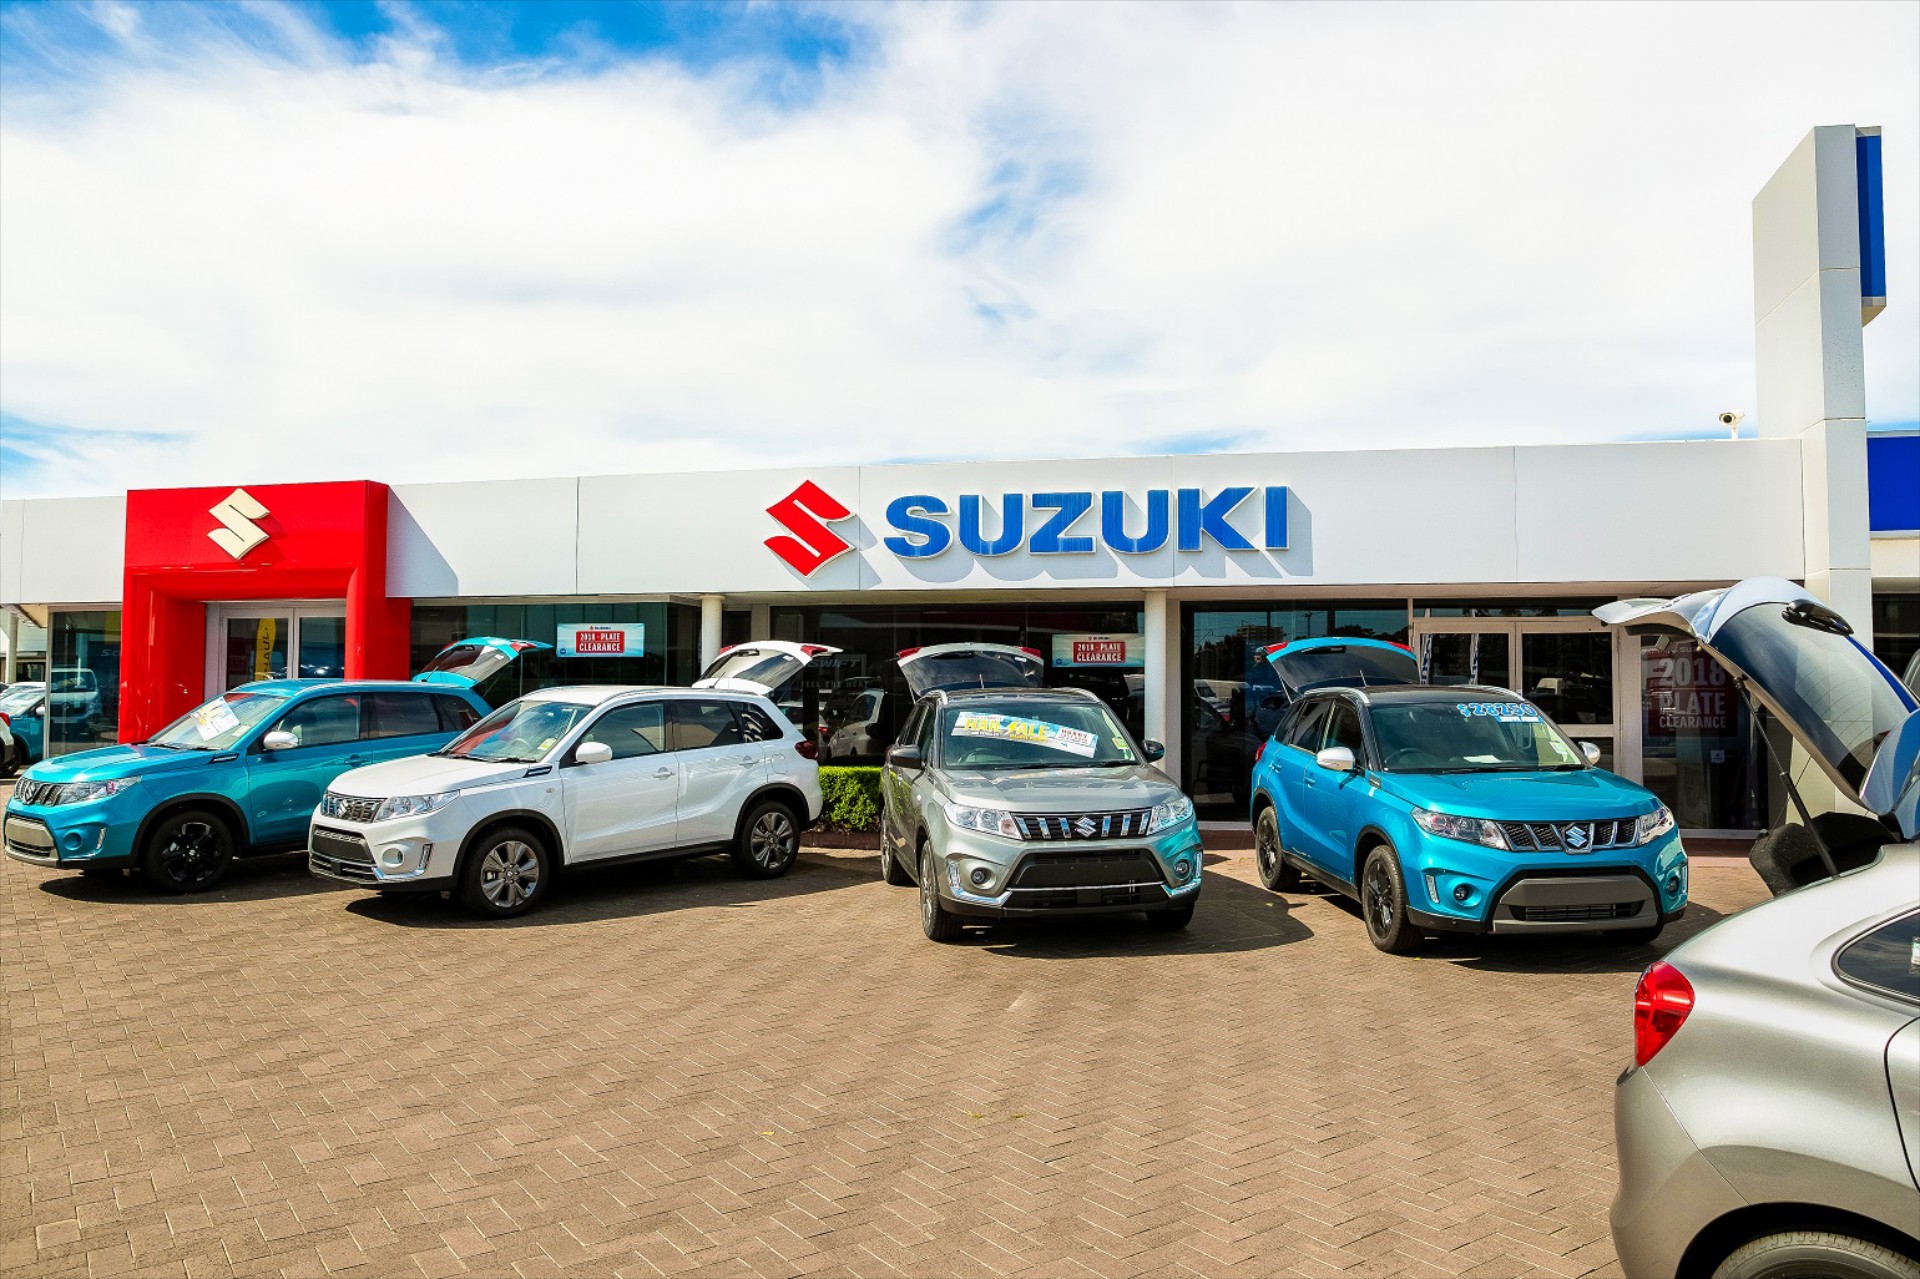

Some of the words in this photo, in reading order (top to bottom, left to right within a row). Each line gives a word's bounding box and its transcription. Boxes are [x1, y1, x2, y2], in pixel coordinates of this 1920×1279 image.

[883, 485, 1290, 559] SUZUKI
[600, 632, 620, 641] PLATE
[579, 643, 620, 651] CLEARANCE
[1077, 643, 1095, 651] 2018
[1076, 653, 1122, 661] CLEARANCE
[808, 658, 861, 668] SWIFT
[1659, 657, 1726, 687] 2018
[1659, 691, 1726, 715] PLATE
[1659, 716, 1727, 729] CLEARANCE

§ What is required
Pictures are to be left out, while the records are copied word for word.

§ Output below
Some of the words in this photo, in reading order (top to bottom, left to right within a row). Each line gives a word's bounding box and its transcription. Boxes are [x1, y1, x2, y2], in pixel coordinates of this 1920×1279 image.

[883, 485, 1290, 559] SUZUKI
[600, 632, 620, 641] PLATE
[579, 643, 620, 651] CLEARANCE
[1077, 643, 1095, 651] 2018
[1076, 653, 1122, 661] CLEARANCE
[808, 658, 861, 668] SWIFT
[1659, 657, 1726, 687] 2018
[1659, 691, 1726, 715] PLATE
[1659, 716, 1727, 729] CLEARANCE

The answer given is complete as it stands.